Topography sends groundwater onto your home site

If the topography slopes groundwater to the areas surrounding your home you must act by constructing hand excavated french drain groundwater removal systems. I completed two systems as described above this week where the homeowner had a sump pump in the crawlspace, and always had a lake under the home when it rained hard even with the sump pump installed.

The homeowner had purchased the home with the assurance that no groundwater problems existed with the property, although a sump pump was installed in the crawlspace. She is now in litigation and trying to find the former owners with her attorney. The neighbors that I spoke with this week told me that the home always had water under it in the winter Oregon rain season. This was not disclosed to the buyer prior to closing as the law mandates.

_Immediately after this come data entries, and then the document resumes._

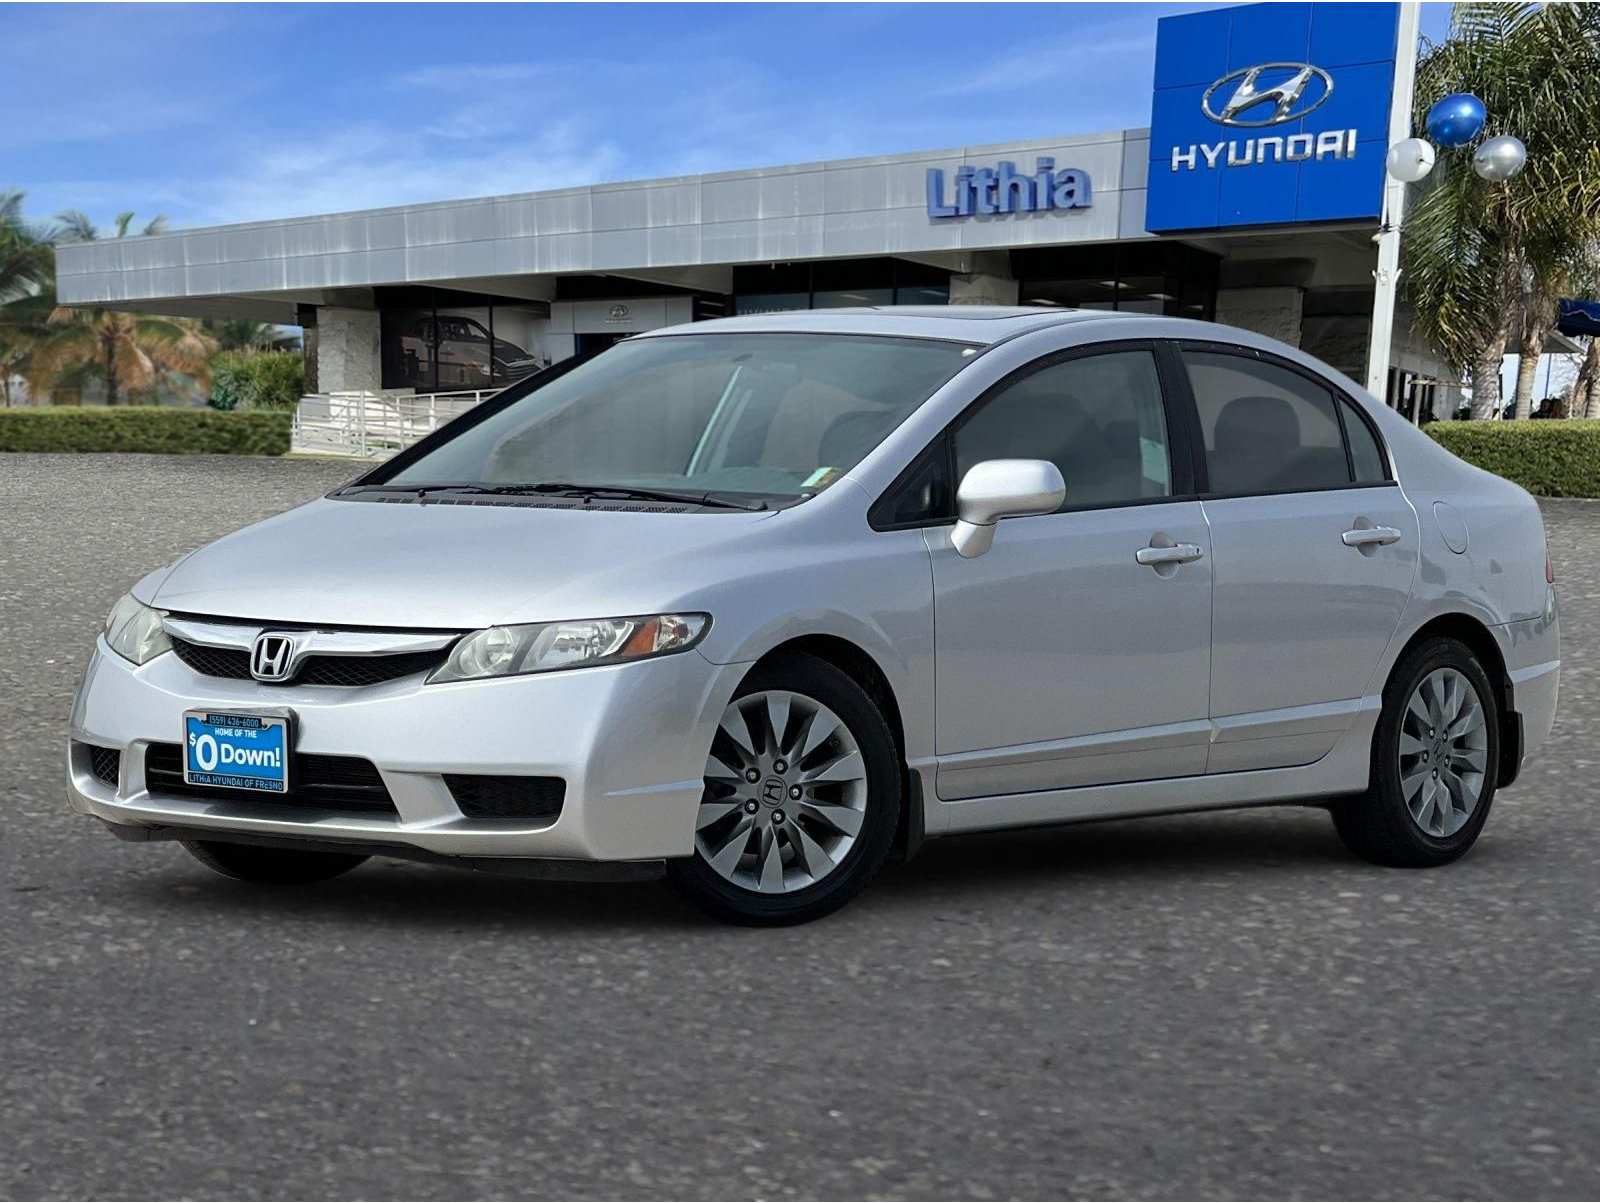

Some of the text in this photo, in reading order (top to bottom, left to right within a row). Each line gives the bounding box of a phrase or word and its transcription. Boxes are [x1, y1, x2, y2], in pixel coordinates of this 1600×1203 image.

[1171, 129, 1357, 171] HYUNDAI
[926, 156, 1092, 217] Lithia
[214, 727, 257, 739] HOME OF THE
[220, 743, 281, 768] Down!
[188, 773, 211, 784] LITHIA
[212, 776, 243, 787] HYUNDAI
[244, 779, 254, 788] OF

The seller never disclosed the issue in the “sellers property disclosure form” mandated by Oregon law, and thought that the “as is clause” in their earnest money agreement would protect them from being sued. Yeh, right!

As I have said many places in this blog, the installation of a sump pump should be done only when all work to pick up the water with hand excavated french drains has been accomplished, and the amount of water remaining, if any, is assessed and collected. Work the groundwater problems from the surface on the outside of the foundation stem walls first. Most every groundwater in the basement or crawlspace problem is caused by rain water on the surface when it is raining hard or has already saturated by some other topical means. Sprinkler systems bleeding out next to the foundation can do it too.